**SUPPLIED MATERIAL:**
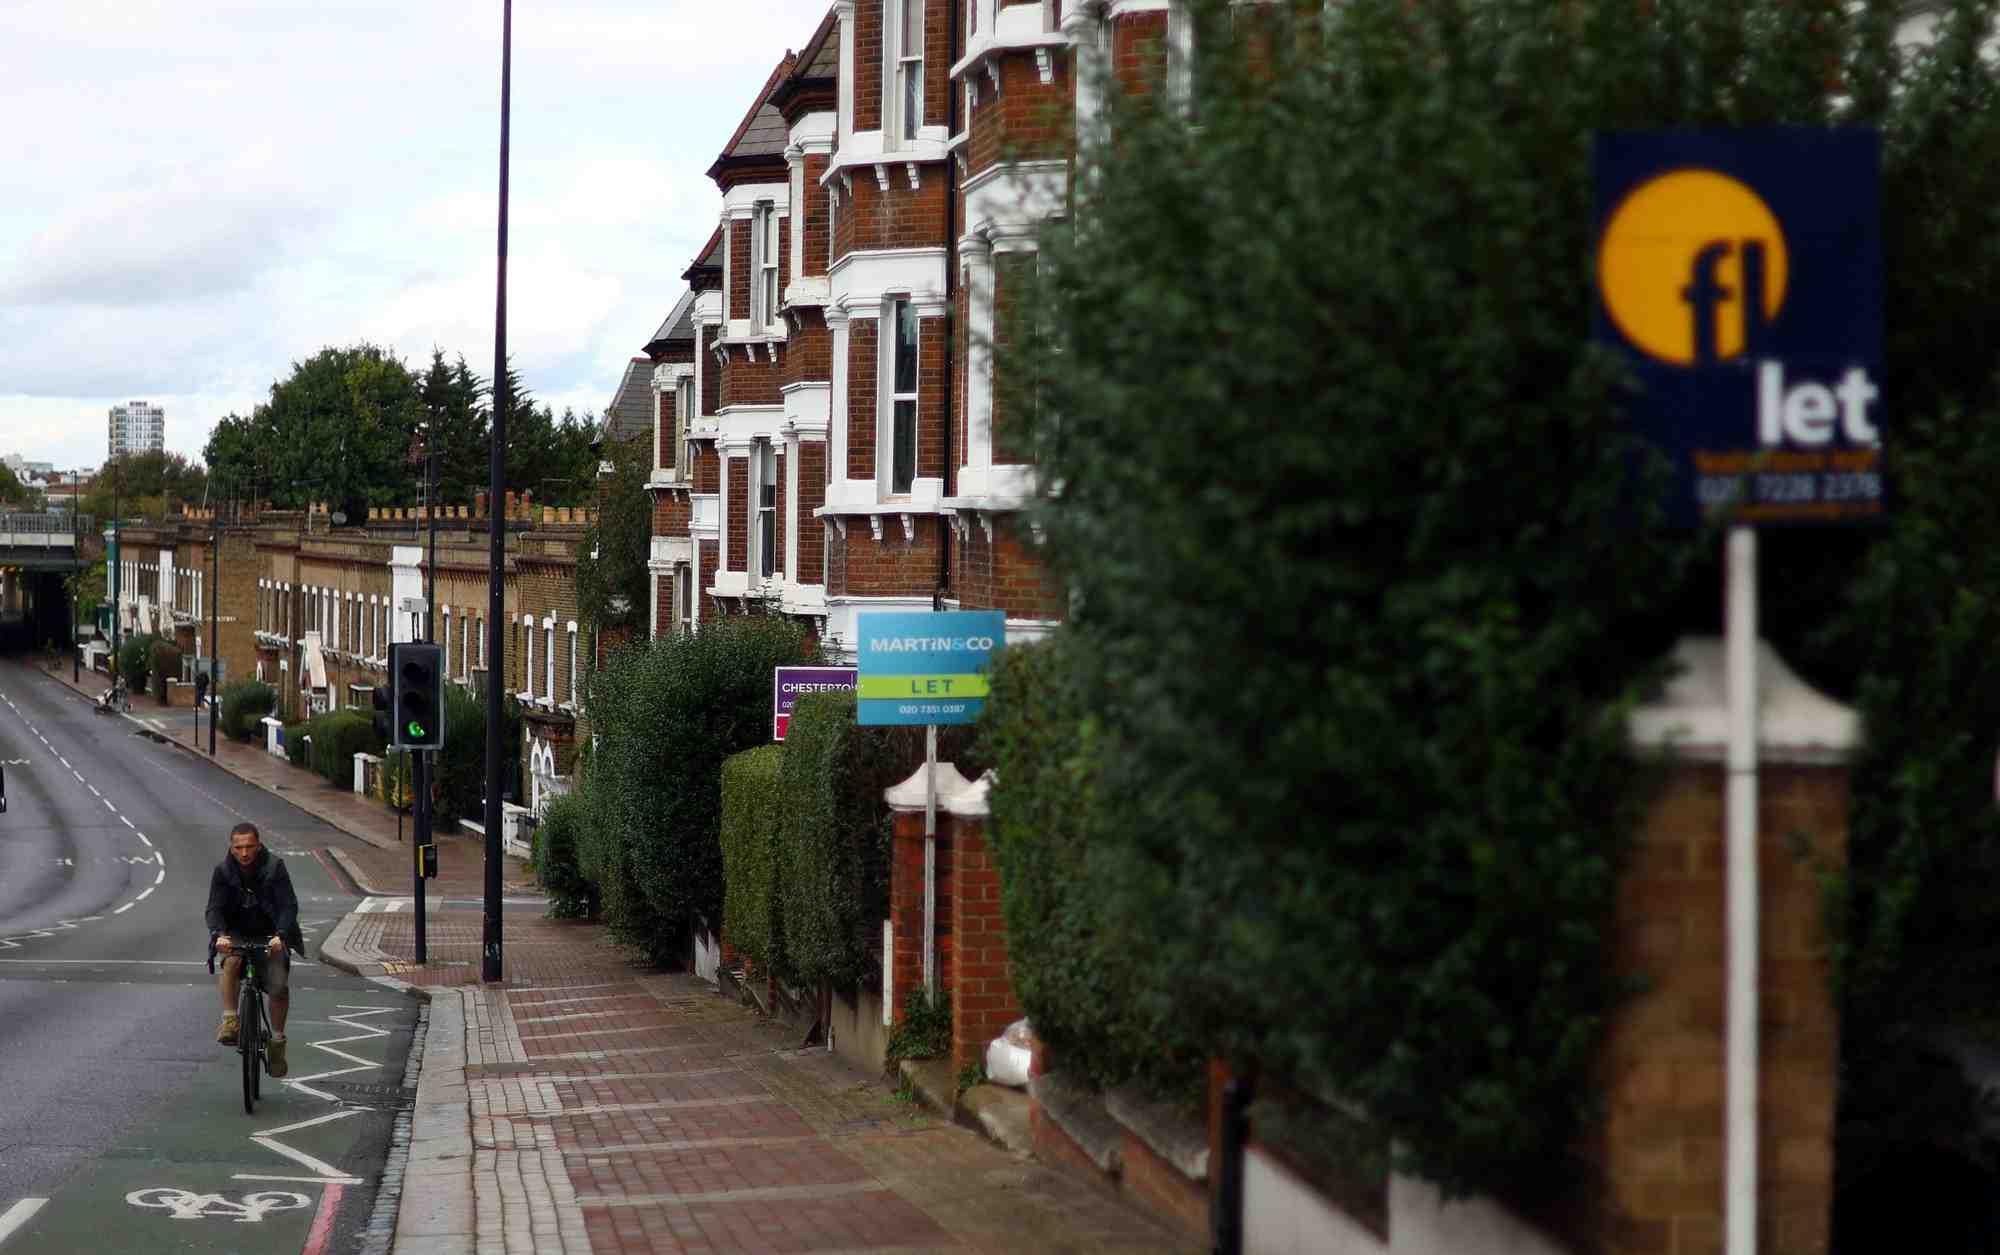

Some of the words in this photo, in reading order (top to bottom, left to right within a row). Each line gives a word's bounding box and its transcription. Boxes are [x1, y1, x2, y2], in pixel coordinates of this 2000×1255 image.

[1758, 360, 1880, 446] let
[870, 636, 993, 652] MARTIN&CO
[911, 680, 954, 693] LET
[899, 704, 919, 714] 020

**EXERCISE AIM:** Leaving out the pictures, print every record exactly as written.

**RESPONSE:**
Some of the words in this photo, in reading order (top to bottom, left to right within a row). Each line gives a word's bounding box and its transcription. Boxes are [x1, y1, x2, y2], in pixel coordinates of this 2000×1255 image.

[1758, 360, 1880, 446] let
[870, 636, 993, 652] MARTIN&CO
[911, 680, 954, 693] LET
[899, 704, 919, 714] 020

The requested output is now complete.